Tool: Incorporating Climate Risks into Portfolio Strategy

Learn more about building a portfolio strategy that incorporates climate risks to SRHR - including how to assess climate risks and how to refine your approach - on the Climate-SRHR Evidence Hub: Strategy Framework.

Key Terms

  • Sexual and reproductive health and rights (SRHR) is at the core of this framework. Sexual and reproductive health (SRH) refers to a state of total well-being in relation to all aspects of sexuality and reproduction. All individuals have the right to make decisions about their bodies and the right to health, as well as the right to access services that support these rights. Key sexual and reproductive health services include: 

    - Comprehensive sexuality education and information on sexual and reproductive health

    - Prevention, detection, and management of gender-based violence, coercion, and other harmful practices such as female genital mutilation/cutting and early/forced marriage

    - Choice of safe and effective contraceptive methods

    - Safe and effective antenatal, childbirth, and postnatal care

    - Safe and effective abortion services and care

    - Prevention, management, and treatment of infertility

    - Prevention, detection, and treatment of sexually transmitted infections (STIs), including HIV, and other reproductive tract infections

    - Prevention, detection, and treatment of reproductive cancers

  • This framework specifically focuses on what we will refer to as “climate-SRHR” projects and portfolios. For the purposes of this guidance, we define these as projects and portfolios that 1) focus on strengthening SRHR and 2) integrate some aspect of climate resilience into their design and/or delivery approach. 
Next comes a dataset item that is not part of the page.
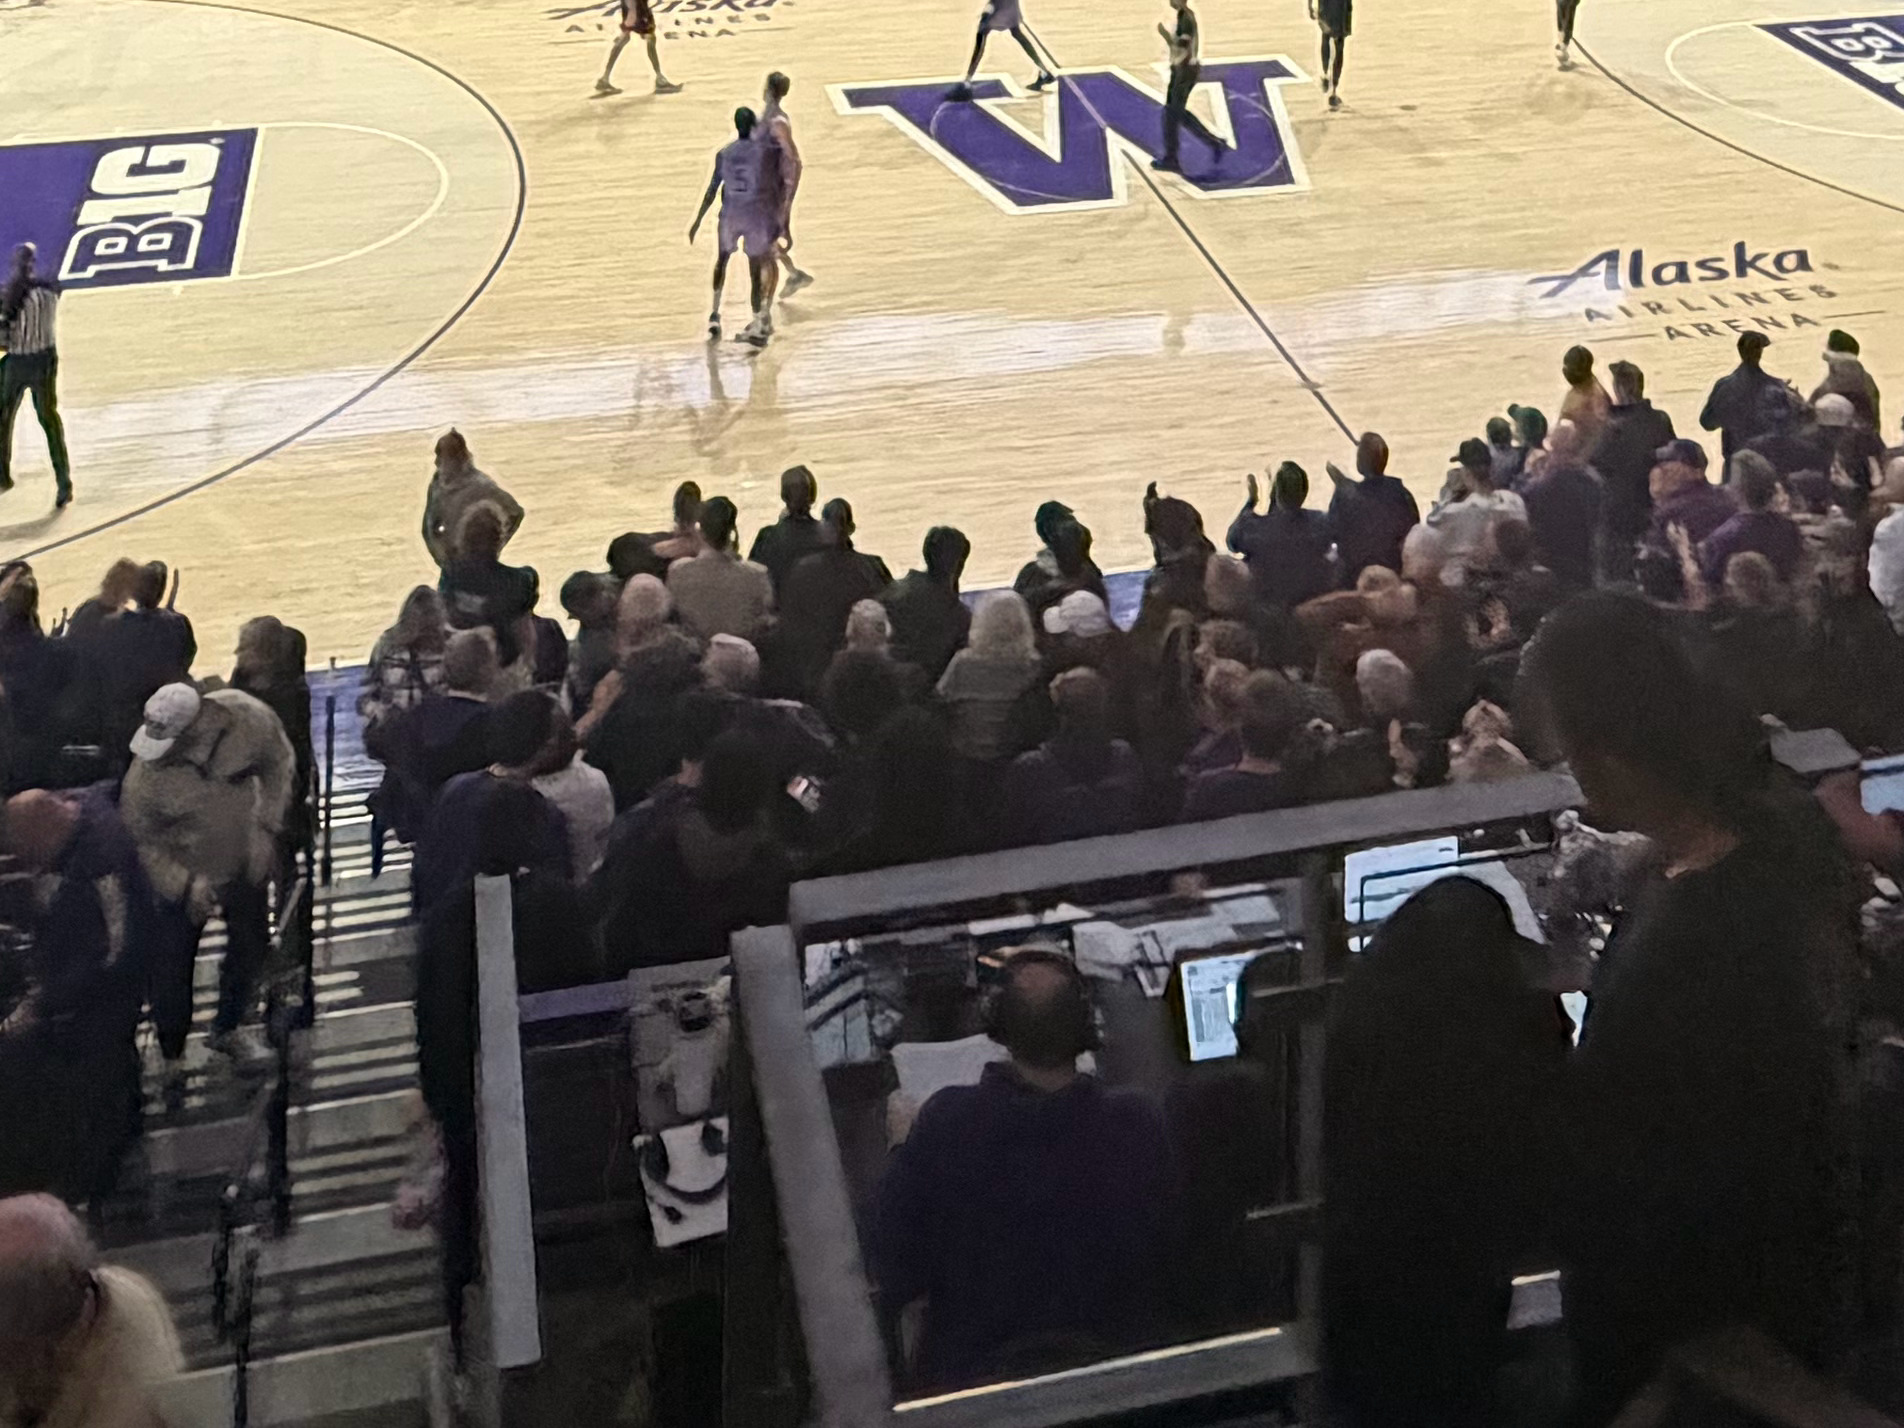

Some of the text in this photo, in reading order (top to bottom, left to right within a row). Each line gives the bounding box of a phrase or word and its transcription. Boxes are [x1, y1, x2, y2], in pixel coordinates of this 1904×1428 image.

    This framework focuses on climate-SRHR projects because dedicated resources to support MEL for these types of activities are virtually non-exist. This framework will also be useful to projects that focus on strengthening climate-related outcomes with secondary benefits for SRHR, as well as projects that work on addressing climate- and SRHR-related outcomes in parallel.
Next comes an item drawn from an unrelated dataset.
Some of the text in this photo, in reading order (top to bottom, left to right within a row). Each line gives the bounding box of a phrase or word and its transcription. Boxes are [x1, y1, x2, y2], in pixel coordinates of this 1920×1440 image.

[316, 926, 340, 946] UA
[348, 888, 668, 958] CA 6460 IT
  • There are different approaches to taking action to address climate change: climate mitigation focuses on human interventions that reduce emissions or enhance the sinks of greenhouse gases, whereas climate adaptation refers to the process of adjusting to actual or expected climate and its effects in order to moderate harm or take advantage of beneficial opportunities. Climate resilience, on the other hand, refers to the capacity of interconnected systems to cope with a hazardous event, trend, or disturbance while maintaining their essential function, identity, and structure. The concept of climate resilience can be applied to multiple levels, including individuals, households, communities, health facilities, health systems, livelihoods and economies, governments, and more - and its specific definition may vary based on the needs and values of any given group or system being evaluated. While there are ways to integrate climate mitigation into SRHR projects - such as through reducing emissions in the production and distribution of SRH commodities or through transitioning to renewable energy at SRH service delivery sites - most projects that integrate climate change as part of achieving their SRHR goals do so with an adaptation focus. Therefore, our focus in this guide is specifically oriented towards SRHR projects which integrate climate adaptation approaches as a means of strengthening climate resilience.

  • Climate risk refers to the potential for adverse consequences to human or ecological systems, and can arise from both the impacts of climate change as well as human responses to climate change. Risk is the product of the dynamic interaction between the hazard(s) (natural or human-induced events which may cause harm to humans, property, or the environment), vulnerability (propensity or predisposition to be adversely affected, including sensitivity to harm and lack of capacity to cope), exposure (the presence of people, livelihoods, ecosystems, infrastructure, resources, etc. in places that could be adversely affected), and response (actions taken address climate change risks including actual progress towards their intended objectives as well as trade-offs with or negative side-effects on other societal objectives).